Cognition
Realistic New Year’s Resolutions
Three-step approach to realistic resolutions
Posted December 16, 2013

BE YOUR OWN DOG
If you are like a lot of us you are probably thinking of making a strong affirmation to completely change your problematic habits and commit to a resolution to reinvent yourself for the New Year. Let’s face it, who are you kidding? You’ve resolved to lose 25 pounds before, you’ve promised your spouse that you will not have any arguments in the New Year and—presto—you have been wrong every time. The reason is that committing to unrealistic goals only sets you up for failure. But you do want to change, so how do you approach the New Year with any chance of making even a small change?
Of course, one way would be to lower your standards. I have often thought that you can lower your standards so much that if you fall down it’s a step up. You know that your perfectionism and your exaggerated goals for previous years have only led to more disappointment, but you don’t want to give up. You might encourage yourself by changing your “goal” from losing 25 pounds to losing three quarters of a pound, but what satisfaction is there in such trivial pursuits?
Let’s make it simple. Don’t commit to outcomes—like losing 25 pounds, or making 25% more, or achieving Nirvana. Outcomes take too long. You need something you can do every day.
Like BEHAVIOR.
Here is a simple three-step approach to realistic resolutions:
1. Commit to one behavior every day
2. Keep track of what you do and what you don’t do
3. Give yourself credit for every step forward—no matter how small it may seem
Let’s take the first step: Commit to one behavior every day
Let’s imagine that you put together a list of ten positive behaviors—from any category of behavior. This could include the following: walking, jogging, eating healthful meals, eliminating desserts, rewarding your partner, getting your work done that day, or anything else that seems positive. The nice thing about focusing on a single behavior is that it is do-able. You can do one behavior. You don’t have to wait a year for an outcome
Let’s go on to the next step: Keep track of what you do and what you don’t do
Self-monitoring is one of the most powerful techniques that you can use. It makes you more mindful of what you are doing (you will pay attention more if you write it down); you will find it rewarding to simply see you did something—and this is something you will experience every day; and you won’t forget what you did, since you are keeping track of it. Another advantage that you can get from keeping track of your behavior is that you can notice what the triggers are for positive and negative behavior. For example, are you over-eating when you are lonely or drinking more when you are ruminating about how bad things are? The more you know about the triggers, the better prepared you can be for dealing with them.

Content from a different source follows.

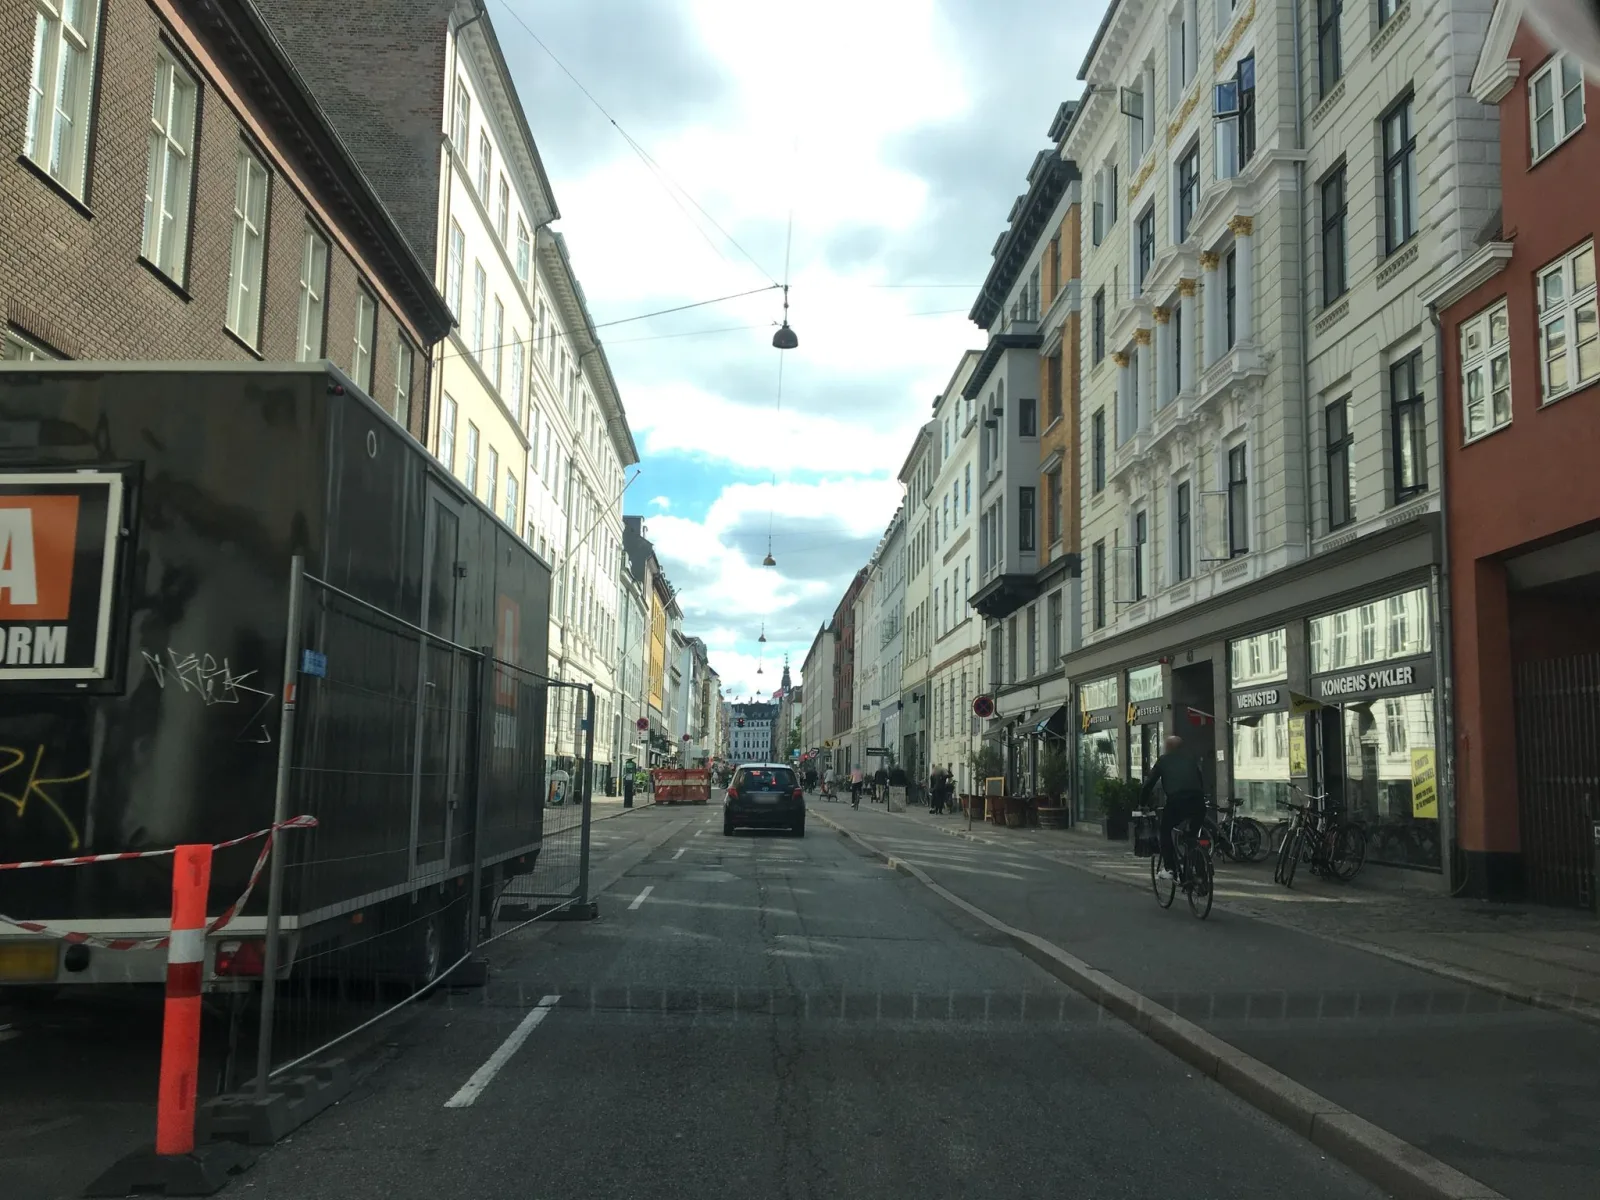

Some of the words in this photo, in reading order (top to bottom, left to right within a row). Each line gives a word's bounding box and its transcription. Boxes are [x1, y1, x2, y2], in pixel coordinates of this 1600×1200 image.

The final step is easy—but some people forget to do this—or don’t think they deserve it: Give yourself credit for every step forward—no matter how small it may seem
Get used to being your own best cheerleader. Give yourself credit for every single positive behavior. This range from saying to yourself, “Good for me for walking for twenty minutes” to keeping points for positive behavior so that you can see how these points add up. Now some people say, “I don’t really deserve credit for doing what I should be doing.” I understand that you are not changing the world by walking twenty minutes or by refraining from that high-calorie dessert. But if you want to build the right habits you need to keep track of them and reward them.
One patient said, “This sounds like the way you would train a dog.”
OK. Then BE YOUR OWN DOG.
If you are as rewarding to yourself as you are toward your dog, then you will do a lot better.